Certified Analytics Professional
The Certified Analytics Professional credential, provided by the Institute for Operations Research and the Management Sciences (INFORMS), assesses both technical and soft skills essential for data science roles. Training covers seven domains of analytics. The certification requires two years of analytics experience for those with a master’s degree, four years for those with a bachelor's degree, and eight years for those without a degree. The exam costs $440 for INFORMS members and $640 for nonmembers, with an additional $55 application fee.
Google data analytics certificate
This certificate covers data processing, visualization, and analysis using R programming. Offered through Coursera, the course costs $49 per month after a seven-day free trial and lasts between 11 to 36 hours. No prior experience is necessary.

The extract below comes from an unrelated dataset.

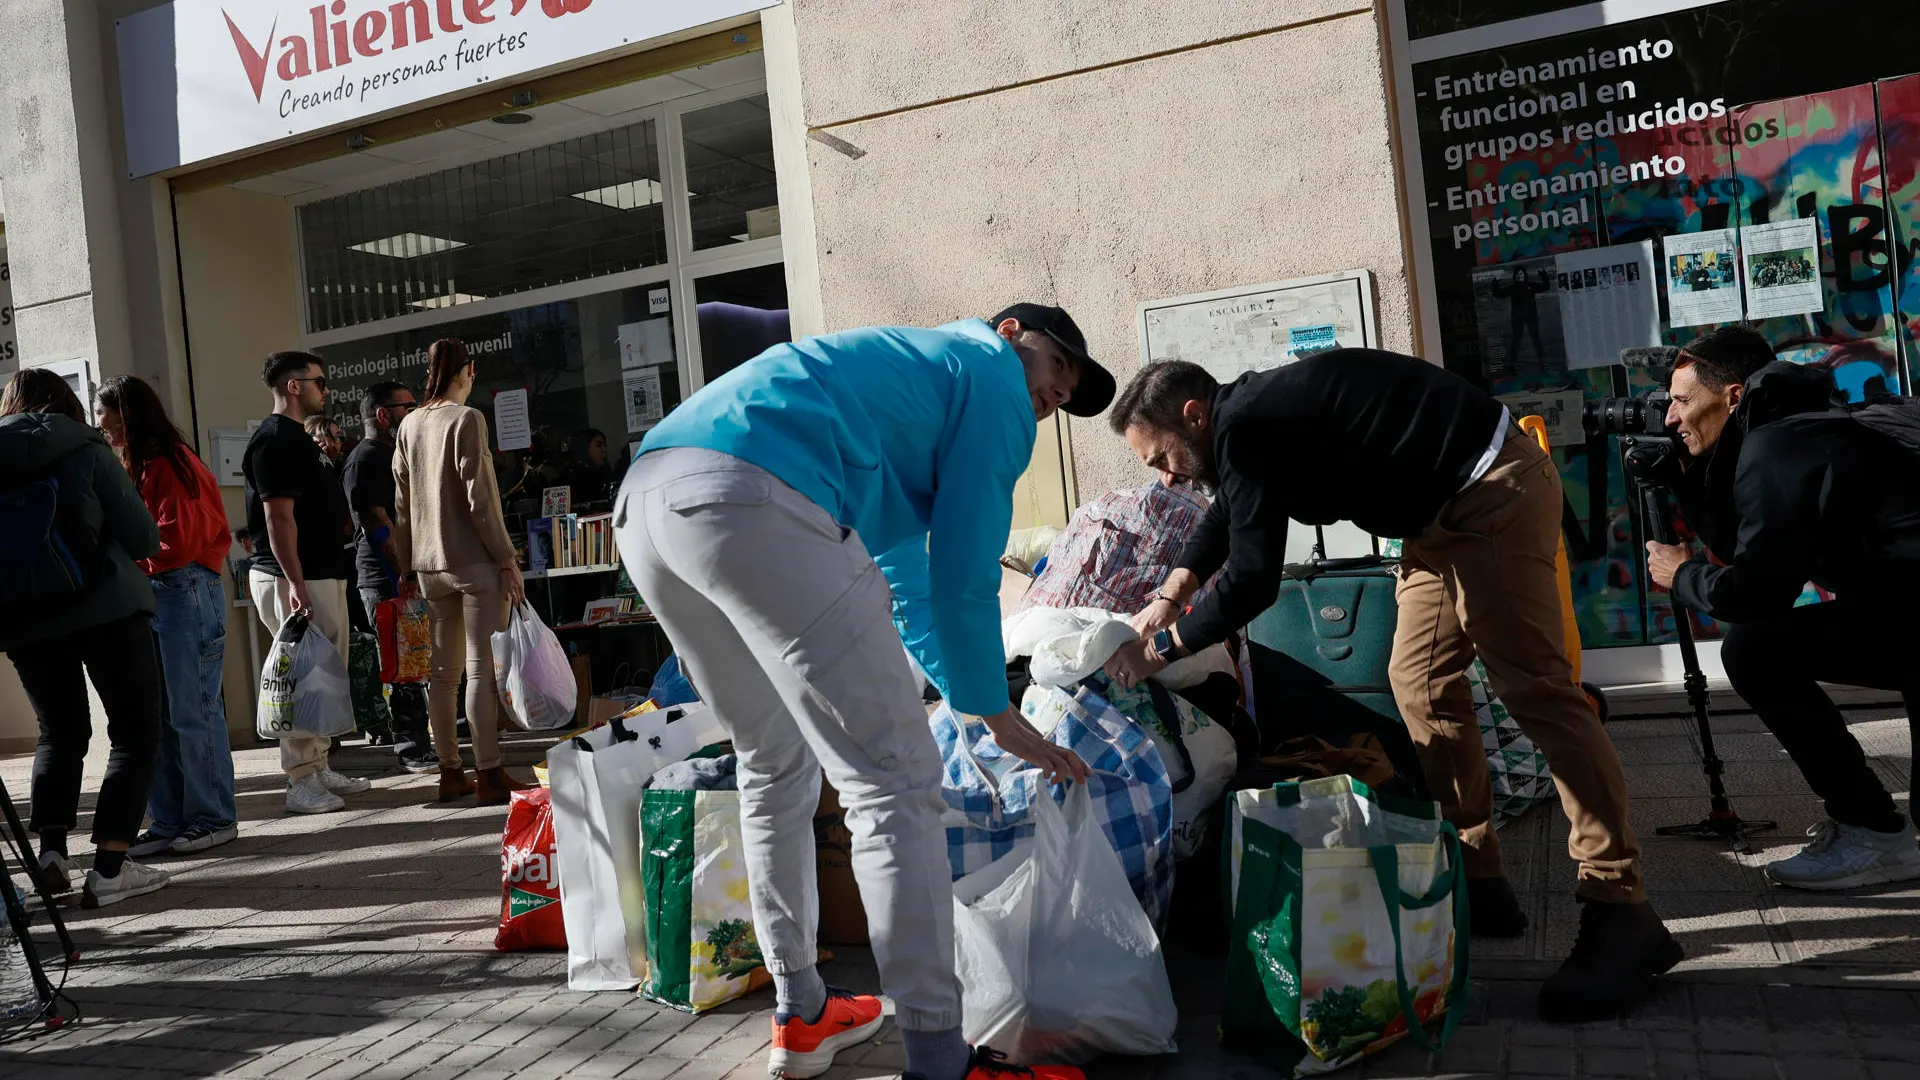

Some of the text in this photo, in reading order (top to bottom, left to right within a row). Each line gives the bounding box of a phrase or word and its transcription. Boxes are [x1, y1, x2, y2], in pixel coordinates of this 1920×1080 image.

Google cloud professional data engineer
This certification demonstrates your ability to collect, transform, and publish data. The exam tests knowledge of data processing systems, storage, and analysis, lasting two hours. Registration costs $200, and three years of professional experience is recommended.
CompTIA certifications
The Computing Technology Industry Association (CompTIA) provides certifications ranging from entry-level to expert, validating standards for IT professionals. Their credentials are recognized internationally and cover various aspects of IT.
Data Science Council of America (DASCA)
DASCA sets standards for data science and big data, offering certifications for big data analysts, big data engineers, and data scientists.
International Institute of Business Analysis™ (IIBA®)
The IIBA, with over 30,000 members globally, focuses on business analysis. It provides educational programs, career resources, and certification exam details, supporting professionals in adapting to emerging technologies.
Microsoft certified
Microsoft certifications validate applied skills and career advancement in data science. The Azure Data Scientist Associate certification demonstrates proficiency in training and managing machine learning models through Azure Machine Learning. Courses typically last from one to three and a half hours, with assessments taking about two hours. Proctored exams cost $165.